At 640-41 of Evans we considered the effect of an erroneous allocation of the burden of persuasion as to the defenses of justification or excuse where the resulting conviction was for felonious homicide in any degree. Generalizing with respect to the effect of an erroneous instruction that "all intentional homicide will be presumed to be with malice" (thereby unconstitutionally presuming non-justification and non-excuse), we said:
"If a fair reading of the instructions indicates that the ``presumption of malice,' in that broader and unqualified form, operated to relieve the State of its burden of ultimate persuasion on the issue of non-justification and/or non-excuse (where either is a fair issue in the case), Mullaney v. Wilbur will require a reversal regardless of the degree of felonious homicide on which the conviction was had. Unlike the situation dealt with where the only issue in the case affected by the presumption was mitigation and the only advantage the defendant *627 was denied was the possible lowering of murder in the second degree to manslaughter, the harm on the issues of presumed non-justification and presumed non-excuse operates across the entire spectrum of culpability. If the defendant had had the benefit of a fair allocation of the burden of persuasion on these issues, he might well have been found not guilty totally and not simply guilty to a lesser degree...." 28 Md. App. at 664.

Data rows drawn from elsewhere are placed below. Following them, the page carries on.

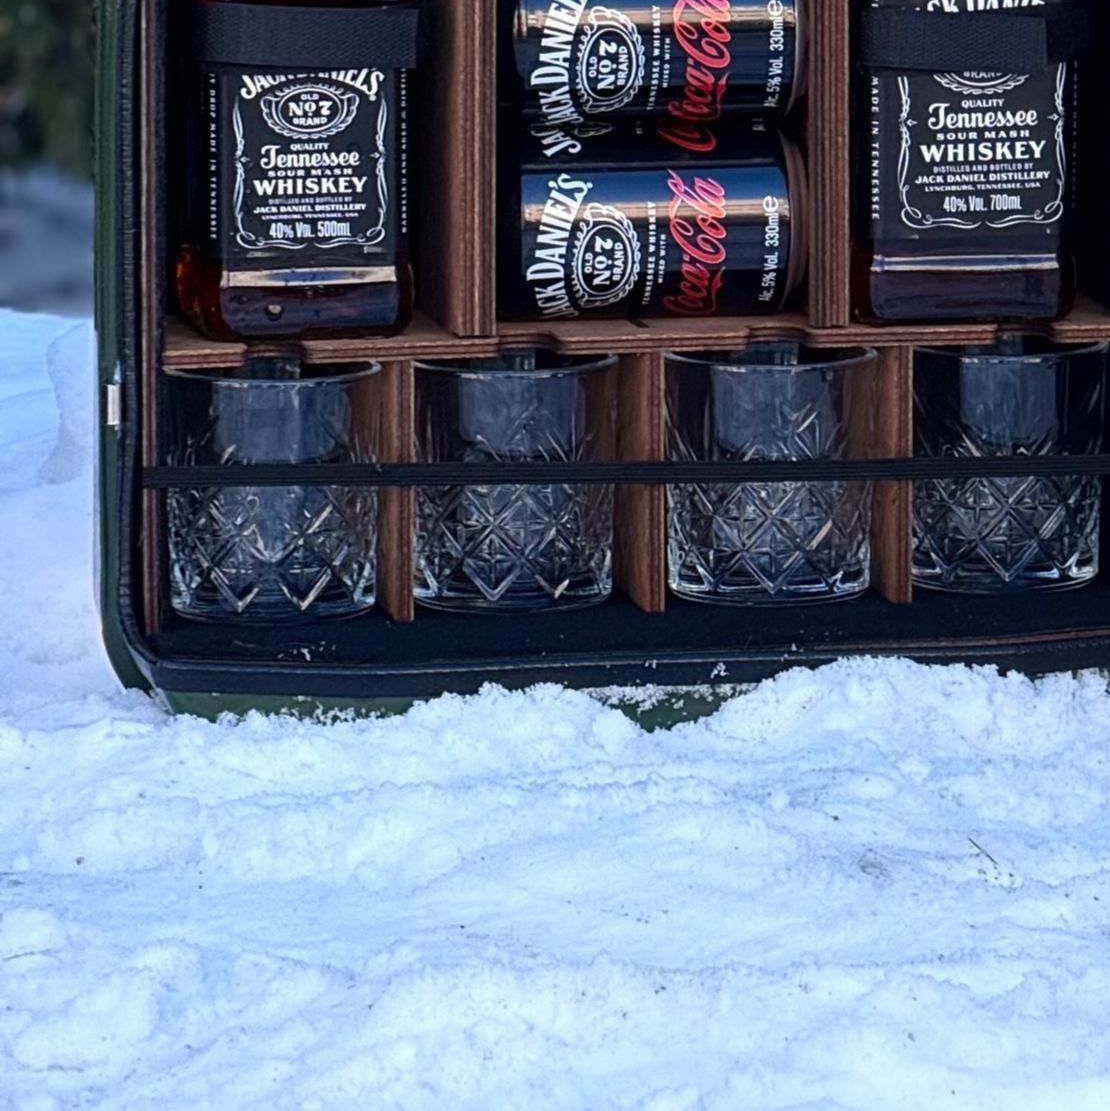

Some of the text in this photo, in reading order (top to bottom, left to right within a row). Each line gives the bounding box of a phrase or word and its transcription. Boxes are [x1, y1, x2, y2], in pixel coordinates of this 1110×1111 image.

[588, 56, 598, 78] OLD
[617, 45, 630, 86] BRAND
[646, 4, 661, 111] TENNESSEE WHISKEY
[766, 75, 782, 93] 5%
[538, 91, 584, 125] JACK
[961, 99, 1004, 108] QUALITY
[293, 117, 328, 126] BRAND
[928, 103, 1038, 130] Tennessee
[936, 129, 1030, 141] SOUR MASH
[260, 144, 360, 169] Tennessee
[290, 142, 330, 151] QUALITY
[871, 76, 880, 221] MADE IN TENNESSEE
[920, 140, 1046, 163] WHISKEY
[268, 168, 353, 177] SOUR MASH
[915, 171, 1050, 184] JACK DANIEL DISTILLERY
[933, 162, 1034, 173] DISTILLED AND BOTTLED BY
[253, 176, 368, 196] WHISKEY
[253, 203, 367, 214] JACK DANIEL DISTILLERY
[943, 196, 967, 213] 40%
[269, 222, 294, 239] 40%
[526, 173, 589, 282] DANIEL'S
[647, 201, 657, 253] WHISKEY
[584, 252, 593, 274] OLD
[612, 242, 625, 281] BRAND
[762, 273, 777, 288] 5%
[534, 286, 580, 319] JACK

The jury was instructed in the present case that for it to find a verdict of first degree murder the State must prove beyond a reasonable doubt that the killing was willful, deliberate and premeditated, the element of willfulness being defined as "a specific purpose and design to kill as distinguished from accidental." The State points out that the defense of accident is based on a theory of no intent, no willfulness, no premeditation, and no deliberation. It argues that by its verdict of first degree murder the jury found that the State sustained its burden of proof beyond a reasonable doubt that the appellant acted in a willful, deliberate and premeditated manner, thereby rejecting any claim of defense that the shootings were accidental. The State maintains that in these circumstances it did not rely on any unconstitutional presumption or inference of malice, and that notwithstanding the erroneous allocation of the burden of persuasion the first degree murder verdict "cured" the errors in the jury instructions.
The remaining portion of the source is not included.